Climate data for Dunkeswell Aerodrome 252m amsl (1991–2020) (extremes 1979–present)
| Month | Jan | Feb | Mar | Apr | May | Jun | Jul | Aug | Sep | Oct | Nov | Dec | Year |
| Record high °C (°F) | 13.5 (56.3) | 16.2 (61.2) | 19.9 (67.8) | 23.7 (74.7) | 29.7 (85.5) | 33.0 (91.4) | 31.1 (88.0) | 33.9 (93.0) | 27.8 (82.0) | 24.1 (75.4) | 16.6 (61.9) | 13.5 (56.3) | 33.9 (93.0) |
| Mean daily maximum °C (°F) | 7.0 (44.6) | 7.3 (45.1) | 9.5 (49.1) | 12.2 (54.0) | 15.3 (59.5) | 18.1 (64.6) | 19.9 (67.8) | 19.6 (67.3) | 17.3 (63.1) | 13.4 (56.1) | 9.9 (49.8) | 7.6 (45.7) | 13.1 (55.6) |
| Daily mean °C (°F) | 4.5 (40.1) | 4.6 (40.3) | 6.2 (43.2) | 8.3 (46.9) | 11.2 (52.2) | 14.0 (57.2) | 15.8 (60.4) | 15.7 (60.3) | 13.6 (56.5) | 10.5 (50.9) | 7.3 (45.1) | 5.1 (41.2) | 9.8 (49.6) |
| Mean daily minimum °C (°F) | 2.0 (35.6) | 1.9 (35.4) | 2.9 (37.2) | 4.4 (39.9) | 7.0 (44.6) | 9.8 (49.6) | 11.8 (53.2) | 11.9 (53.4) | 9.9 (49.8) | 7.6 (45.7) | 4.7 (40.5) | 2.6 (36.7) | 6.4 (43.5) |
| Record low °C (°F) | −11.8 (10.8) | −10.5 (13.1) | −7.5 (18.5) | −3.8 (25.2) | −0.9 (30.4) | 1.9 (35.4) | 4.2 (39.6) | 4.9 (40.8) | 1.8 (35.2) | −2.2 (28.0) | −5.7 (21.7) | −9.2 (15.4) | −11.8 (10.8) |
| Average precipitation mm (inches) | 112.2 (4.42) | 86.1 (3.39) | 77.7 (3.06) | 75.5 (2.97) | 64.4 (2.54) | 72.8 (2.87) | 67.4 (2.65) | 86.4 (3.40) | 78.4 (3.09) | 119.3 (4.70) | 127.8 (5.03) | 119.5 (4.70) | 1,087.5 (42.81) |
| Average precipitation days (≥ 1.0 mm) | 15.8 | 13.0 | 12.3 | 11.0 | 10.5 | 9.8 | 10.5 | 11.7 | 10.9 | 14.7 | 15.6 | 16.0 | 151.9 |
| Mean monthly sunshine hours | 57.2 | 76.7 | 115.0 | 169.8 | 196.2 | 209.1 | 198.9 | 181.6 | 149.6 | 106.0 | 69.4 | 57.9 | 1,587.4 |
Source 1: Met Office
Source 2: Starlings Roost Weather

==Dunkeswell Abbey==
The abbey is 2 mi north of the village.

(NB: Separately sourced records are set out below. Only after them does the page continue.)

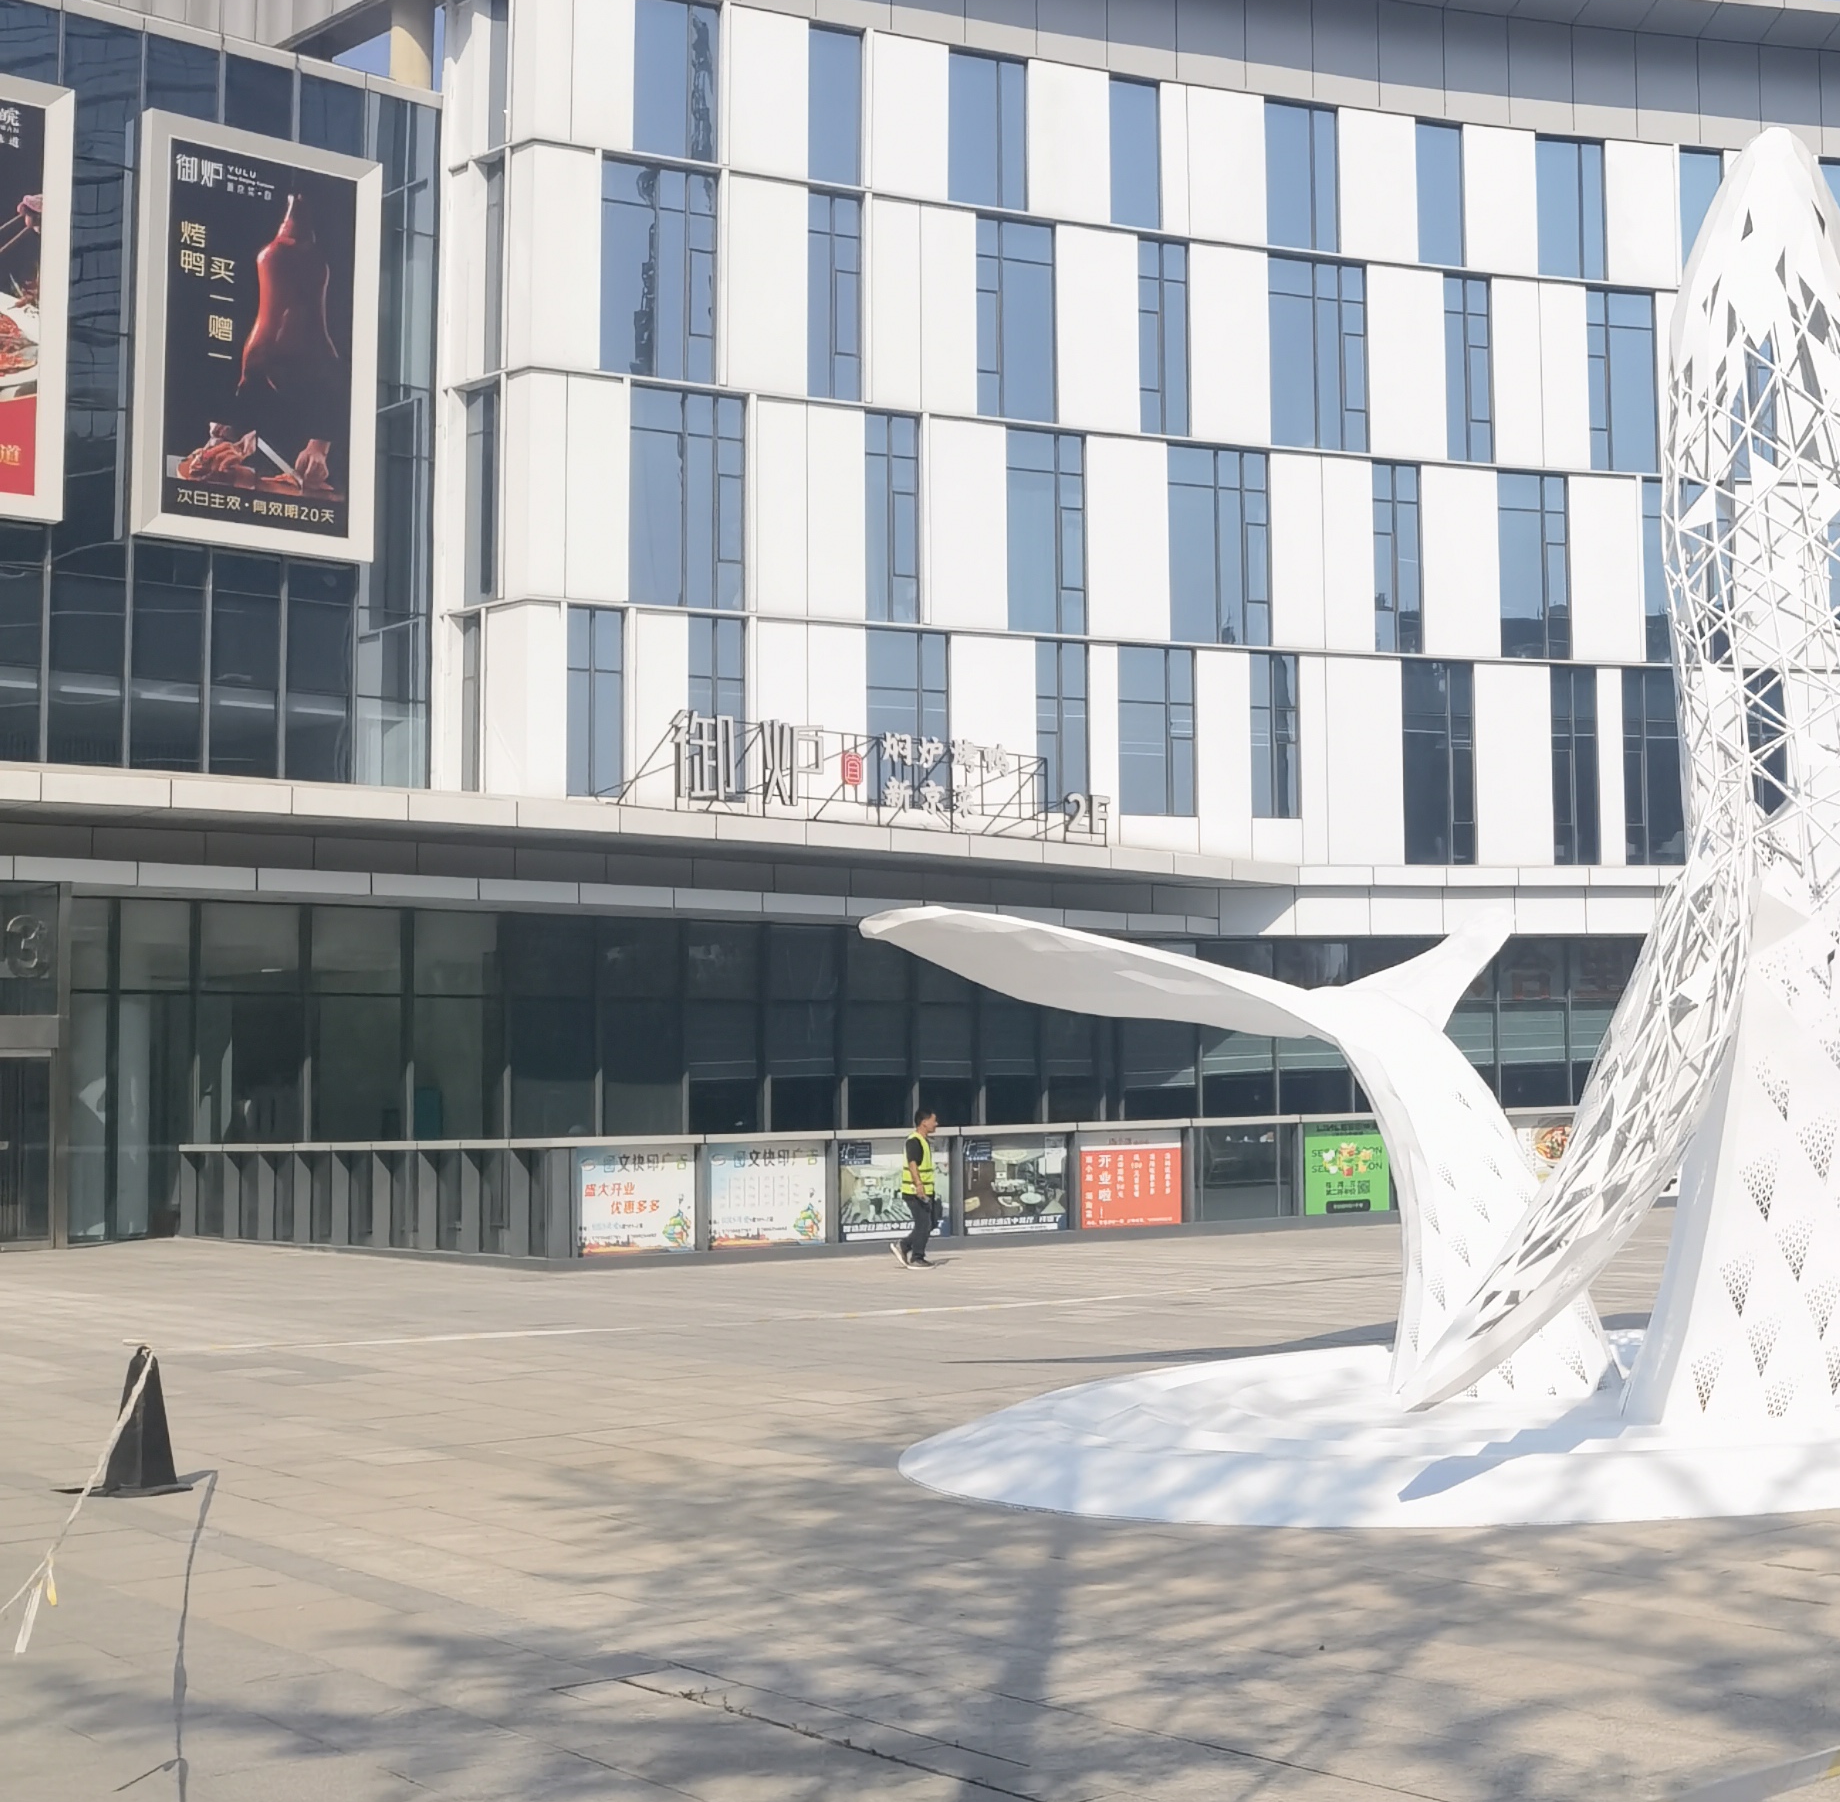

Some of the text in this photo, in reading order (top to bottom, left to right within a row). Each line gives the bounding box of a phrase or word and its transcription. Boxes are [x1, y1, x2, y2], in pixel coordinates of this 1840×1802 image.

[176, 154, 223, 188] 御炉
[227, 165, 257, 179] YULU
[180, 220, 207, 277] 烤鸭
[207, 256, 235, 360] 买一赠一
[669, 709, 824, 806] 御炉
[883, 731, 1010, 777] 焖炉烤鸭
[883, 776, 978, 819] 新京菜
[1064, 792, 1110, 834] 2F
[585, 1182, 636, 1198] 盛大开业
[611, 1199, 660, 1215] 优惠多多

The abbey was founded in 1201 by William Briwere as a Cistercian monastery and offshoot of Forde Abbey. The founder granted much property within Devon to the abbey. Around two years before his death in 1226, he entered the community and was eventually buried in front of the high altar of the abbey church.

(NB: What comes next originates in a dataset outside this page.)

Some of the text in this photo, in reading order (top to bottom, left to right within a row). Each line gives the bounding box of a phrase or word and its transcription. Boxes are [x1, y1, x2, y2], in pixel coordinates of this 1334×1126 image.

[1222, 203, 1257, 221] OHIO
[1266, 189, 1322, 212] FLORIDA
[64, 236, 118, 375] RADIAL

Following the Dissolution of the Monasteries the abbey was closed in 1539 and granted to John Russell, 1st Baron Russell (1485–1555), later 1st Earl of Bedford, and was mostly demolished quickly, though a section remained in domestic use until the 19th century. In 1842, a parish church was built over part of the site. Some surviving fragments of monastery include the partial end wall of the cellarer's range and parts of a gatehouse. Some carved fragments survive within Holy Trinity Church which was built here in 1842 in Early English style.